==== DATA SUPPLIED
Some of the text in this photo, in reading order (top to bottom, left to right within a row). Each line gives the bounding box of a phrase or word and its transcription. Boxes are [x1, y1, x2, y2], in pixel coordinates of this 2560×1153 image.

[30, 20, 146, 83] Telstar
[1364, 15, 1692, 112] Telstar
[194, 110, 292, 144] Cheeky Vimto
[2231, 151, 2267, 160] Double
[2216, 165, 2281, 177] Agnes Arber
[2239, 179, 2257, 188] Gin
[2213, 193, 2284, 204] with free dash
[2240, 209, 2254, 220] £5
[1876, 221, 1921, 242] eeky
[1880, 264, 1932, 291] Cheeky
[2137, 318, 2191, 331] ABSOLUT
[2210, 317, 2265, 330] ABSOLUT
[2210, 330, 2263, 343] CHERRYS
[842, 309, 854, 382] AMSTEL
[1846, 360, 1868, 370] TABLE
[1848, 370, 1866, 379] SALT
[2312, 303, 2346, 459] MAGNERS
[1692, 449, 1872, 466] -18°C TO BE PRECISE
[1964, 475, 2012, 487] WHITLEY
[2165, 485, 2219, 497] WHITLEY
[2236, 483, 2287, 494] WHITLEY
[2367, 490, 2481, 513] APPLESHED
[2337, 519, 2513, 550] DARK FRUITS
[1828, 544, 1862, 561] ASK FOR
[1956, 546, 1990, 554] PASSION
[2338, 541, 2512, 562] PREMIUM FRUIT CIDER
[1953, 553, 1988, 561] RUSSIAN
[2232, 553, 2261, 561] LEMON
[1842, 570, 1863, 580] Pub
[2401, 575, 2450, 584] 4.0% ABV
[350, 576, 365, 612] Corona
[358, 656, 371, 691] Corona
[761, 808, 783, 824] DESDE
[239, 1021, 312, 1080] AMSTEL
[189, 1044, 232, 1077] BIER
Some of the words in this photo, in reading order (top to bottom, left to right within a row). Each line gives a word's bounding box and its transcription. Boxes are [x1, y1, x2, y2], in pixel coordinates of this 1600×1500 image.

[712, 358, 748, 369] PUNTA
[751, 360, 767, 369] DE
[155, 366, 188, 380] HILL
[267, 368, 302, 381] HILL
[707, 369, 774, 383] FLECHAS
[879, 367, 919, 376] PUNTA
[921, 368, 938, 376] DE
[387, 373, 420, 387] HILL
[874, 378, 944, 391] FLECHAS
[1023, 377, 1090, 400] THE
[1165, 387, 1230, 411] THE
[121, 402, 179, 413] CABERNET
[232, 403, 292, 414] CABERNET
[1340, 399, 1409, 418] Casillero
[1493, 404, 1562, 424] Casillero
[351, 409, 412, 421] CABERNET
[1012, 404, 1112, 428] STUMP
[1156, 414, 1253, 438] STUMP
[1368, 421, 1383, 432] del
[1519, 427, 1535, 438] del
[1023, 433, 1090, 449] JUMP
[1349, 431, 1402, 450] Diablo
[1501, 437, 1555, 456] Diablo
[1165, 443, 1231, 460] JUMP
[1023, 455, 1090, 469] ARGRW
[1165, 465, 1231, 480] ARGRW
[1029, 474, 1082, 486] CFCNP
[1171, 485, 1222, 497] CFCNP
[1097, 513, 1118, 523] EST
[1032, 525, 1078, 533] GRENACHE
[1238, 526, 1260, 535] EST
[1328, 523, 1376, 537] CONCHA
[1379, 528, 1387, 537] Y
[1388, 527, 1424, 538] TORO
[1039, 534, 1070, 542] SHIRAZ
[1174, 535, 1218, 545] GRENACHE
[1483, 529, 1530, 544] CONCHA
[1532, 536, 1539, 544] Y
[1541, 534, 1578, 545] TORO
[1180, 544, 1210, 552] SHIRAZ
========
TASK OBJECTIVE> Reproduce the entries exactly, dropping nothing.

RESPONSE AREA>
Some of the text in this photo, in reading order (top to bottom, left to right within a row). Each line gives the bounding box of a phrase or word and its transcription. Boxes are [x1, y1, x2, y2], in pixel coordinates of this 2560×1153 image.

[30, 20, 146, 83] Telstar
[1364, 15, 1692, 112] Telstar
[194, 110, 292, 144] Cheeky Vimto
[2231, 151, 2267, 160] Double
[2216, 165, 2281, 177] Agnes Arber
[2239, 179, 2257, 188] Gin
[2213, 193, 2284, 204] with free dash
[2240, 209, 2254, 220] £5
[1876, 221, 1921, 242] eeky
[1880, 264, 1932, 291] Cheeky
[2137, 318, 2191, 331] ABSOLUT
[2210, 317, 2265, 330] ABSOLUT
[2210, 330, 2263, 343] CHERRYS
[842, 309, 854, 382] AMSTEL
[1846, 360, 1868, 370] TABLE
[1848, 370, 1866, 379] SALT
[2312, 303, 2346, 459] MAGNERS
[1692, 449, 1872, 466] -18°C TO BE PRECISE
[1964, 475, 2012, 487] WHITLEY
[2165, 485, 2219, 497] WHITLEY
[2236, 483, 2287, 494] WHITLEY
[2367, 490, 2481, 513] APPLESHED
[2337, 519, 2513, 550] DARK FRUITS
[1828, 544, 1862, 561] ASK FOR
[1956, 546, 1990, 554] PASSION
[2338, 541, 2512, 562] PREMIUM FRUIT CIDER
[1953, 553, 1988, 561] RUSSIAN
[2232, 553, 2261, 561] LEMON
[1842, 570, 1863, 580] Pub
[2401, 575, 2450, 584] 4.0% ABV
[350, 576, 365, 612] Corona
[358, 656, 371, 691] Corona
[761, 808, 783, 824] DESDE
[239, 1021, 312, 1080] AMSTEL
[189, 1044, 232, 1077] BIER
Some of the words in this photo, in reading order (top to bottom, left to right within a row). Each line gives a word's bounding box and its transcription. Boxes are [x1, y1, x2, y2], in pixel coordinates of this 1600×1500 image.

[712, 358, 748, 369] PUNTA
[751, 360, 767, 369] DE
[155, 366, 188, 380] HILL
[267, 368, 302, 381] HILL
[707, 369, 774, 383] FLECHAS
[879, 367, 919, 376] PUNTA
[921, 368, 938, 376] DE
[387, 373, 420, 387] HILL
[874, 378, 944, 391] FLECHAS
[1023, 377, 1090, 400] THE
[1165, 387, 1230, 411] THE
[121, 402, 179, 413] CABERNET
[232, 403, 292, 414] CABERNET
[1340, 399, 1409, 418] Casillero
[1493, 404, 1562, 424] Casillero
[351, 409, 412, 421] CABERNET
[1012, 404, 1112, 428] STUMP
[1156, 414, 1253, 438] STUMP
[1368, 421, 1383, 432] del
[1519, 427, 1535, 438] del
[1023, 433, 1090, 449] JUMP
[1349, 431, 1402, 450] Diablo
[1501, 437, 1555, 456] Diablo
[1165, 443, 1231, 460] JUMP
[1023, 455, 1090, 469] ARGRW
[1165, 465, 1231, 480] ARGRW
[1029, 474, 1082, 486] CFCNP
[1171, 485, 1222, 497] CFCNP
[1097, 513, 1118, 523] EST
[1032, 525, 1078, 533] GRENACHE
[1238, 526, 1260, 535] EST
[1328, 523, 1376, 537] CONCHA
[1379, 528, 1387, 537] Y
[1388, 527, 1424, 538] TORO
[1039, 534, 1070, 542] SHIRAZ
[1174, 535, 1218, 545] GRENACHE
[1483, 529, 1530, 544] CONCHA
[1532, 536, 1539, 544] Y
[1541, 534, 1578, 545] TORO
[1180, 544, 1210, 552] SHIRAZ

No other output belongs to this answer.